During the ASCC planning workshop for the Second College Grant installation in the hardwood forests of northern NH, it became apparent that although we expect precipitation to become more episodic in the future, we have very little understanding of how rain events effect the moisture of dead wood over short time steps. Dead and downed wood serves not only as a critical habitat and increases the structural complexity of forests but also may mitigate the overland flow of intense rain events.
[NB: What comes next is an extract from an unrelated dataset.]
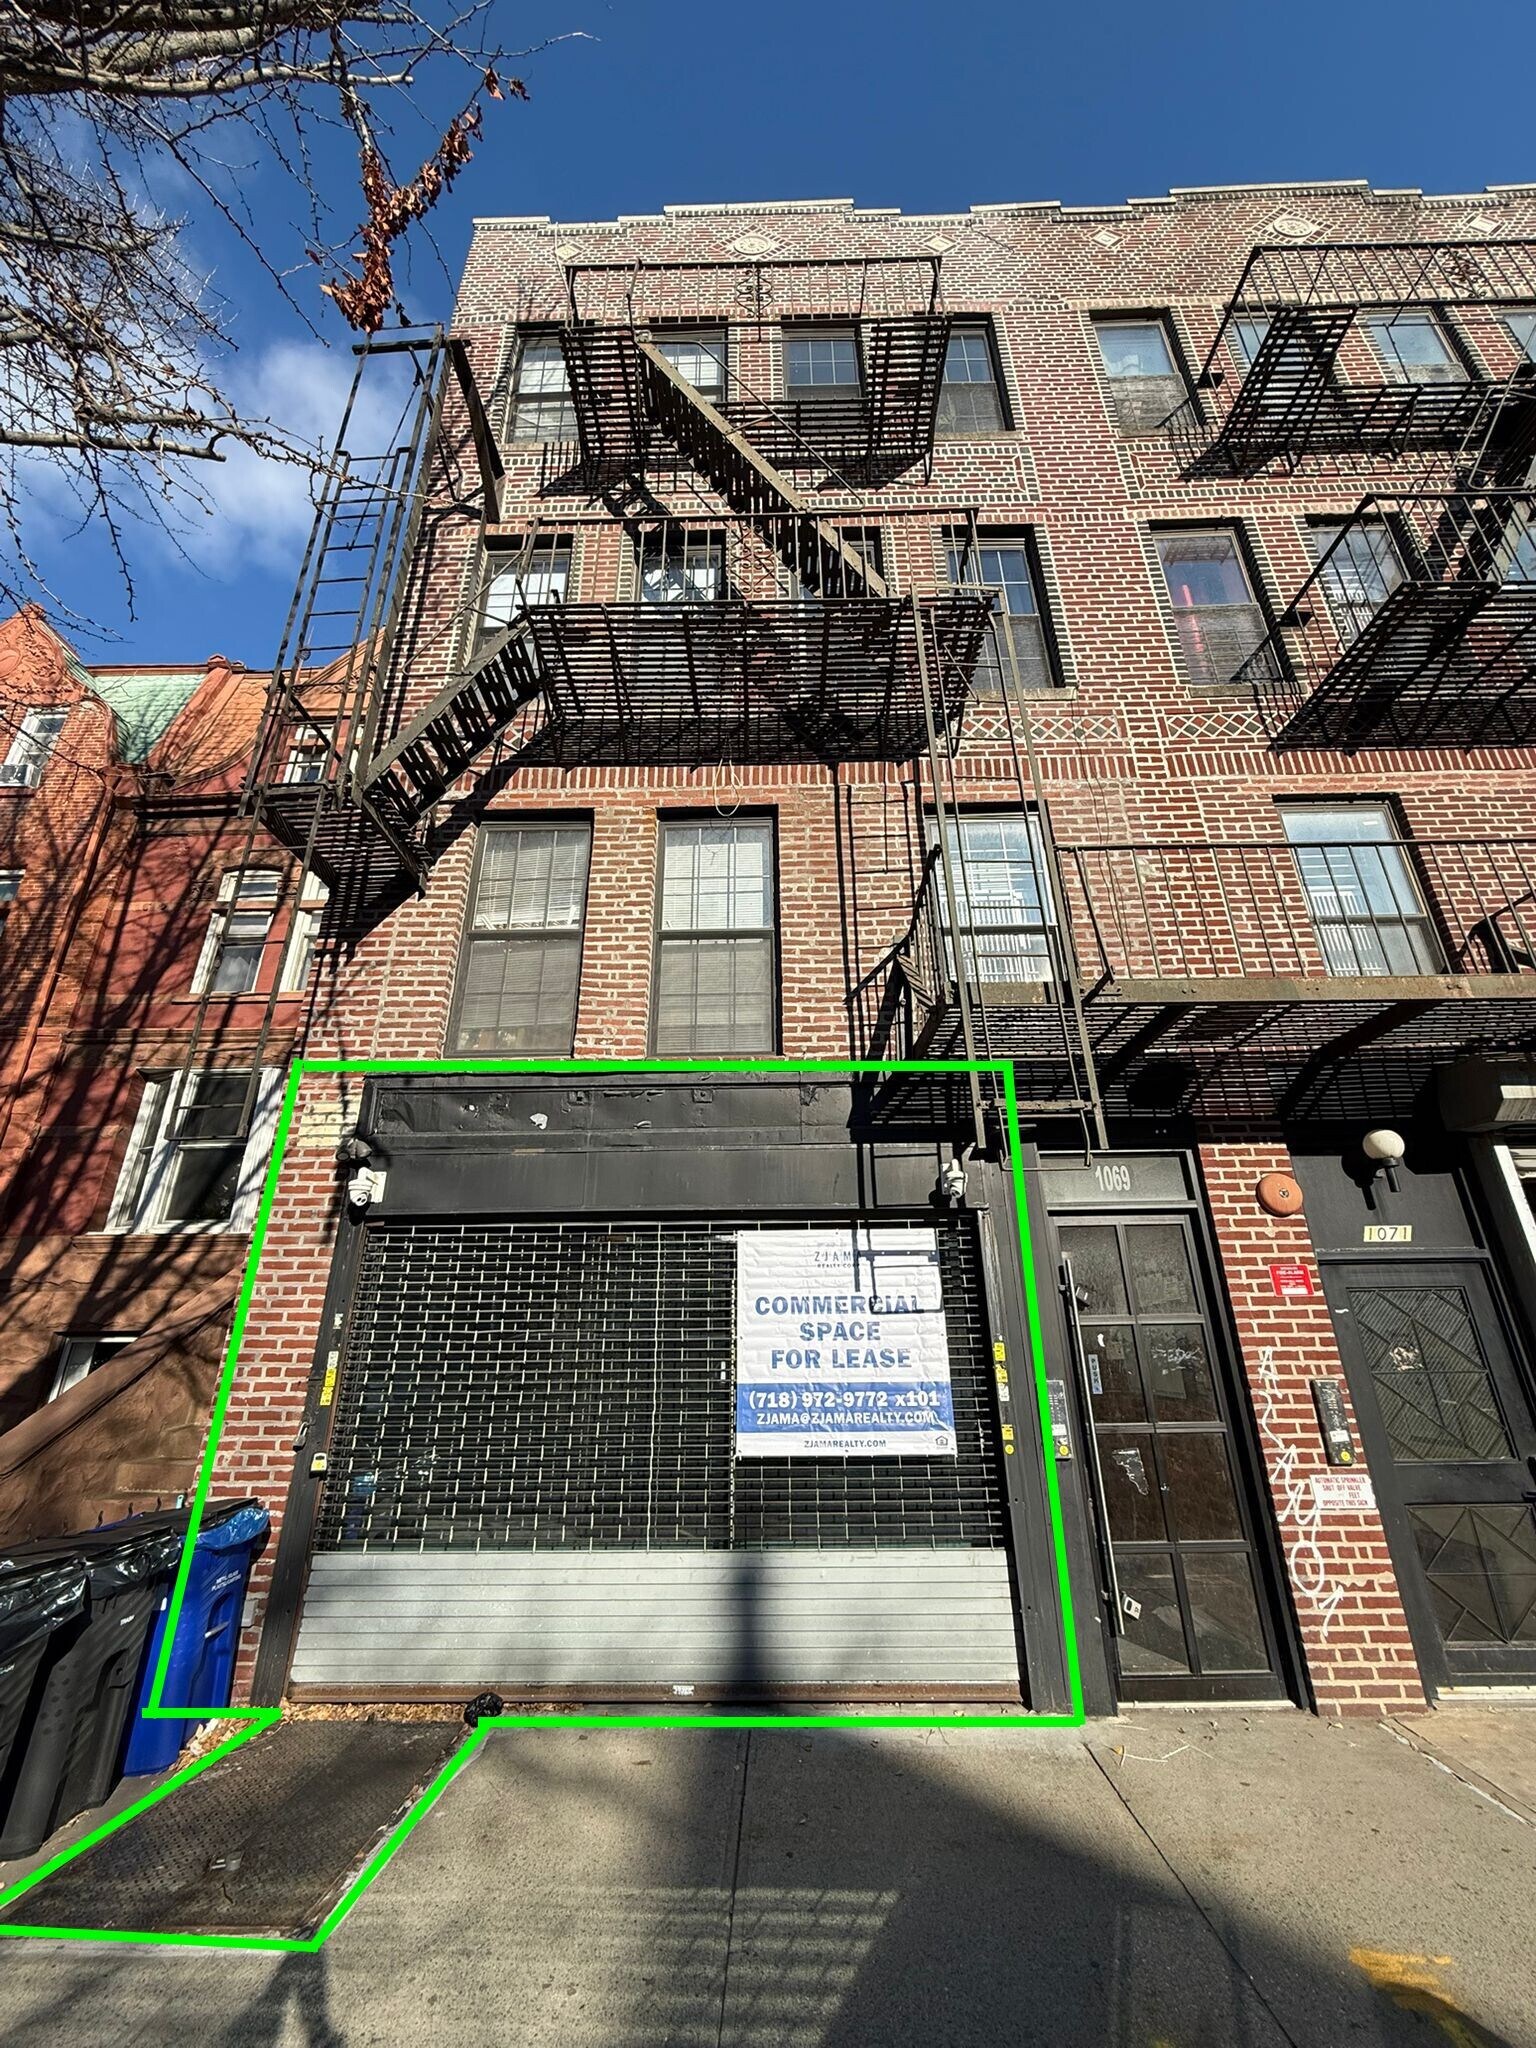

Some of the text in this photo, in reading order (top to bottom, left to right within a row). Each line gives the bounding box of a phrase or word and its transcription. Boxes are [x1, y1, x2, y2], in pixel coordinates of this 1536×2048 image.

In contrast, dead wood can serve as sources of fuel during times of drought and extreme fire weather. Given recent advances in micro sensor development and associated data management, the potential exists to extend such technologies to this forest management issue.  

Wiring used to monitor the dead wood moisture
Downed and dead sugar maple log being prepared for deployment of sensor array
Photo Credit: Chris Woodall,
USDA Forest Service Northern Research Station
 

In partnership with Dartmouth College’s Thayer School of Engineering and Plymouth State University, a downed dead sugar maple log and surrounding soil was monitored at the Hubbard Brook Experimental Forest with nearly 80 sensors to detect changes in moisture at 15-minute intervals during the summer of 2018. Based on initial findings, the hope is to develop a more streamlined deployment of sensors per log potentially using wireless technology for testing during the summer of 2019 at the Second College Grant ASCC installation.  

As part of the project, numerous trees were intentionally felled and left on-site to evaluate their potential benefits. With a streamlined moisture monitoring technology in hand, we can more fully evaluate the modes by which down dead wood interacts with soil and rain fall events in terms of forest dynamics (e.g., regeneration, production, or fire hazards). Development of efficient dead wood moisture technology could inform wildfire management efforts around the Nation.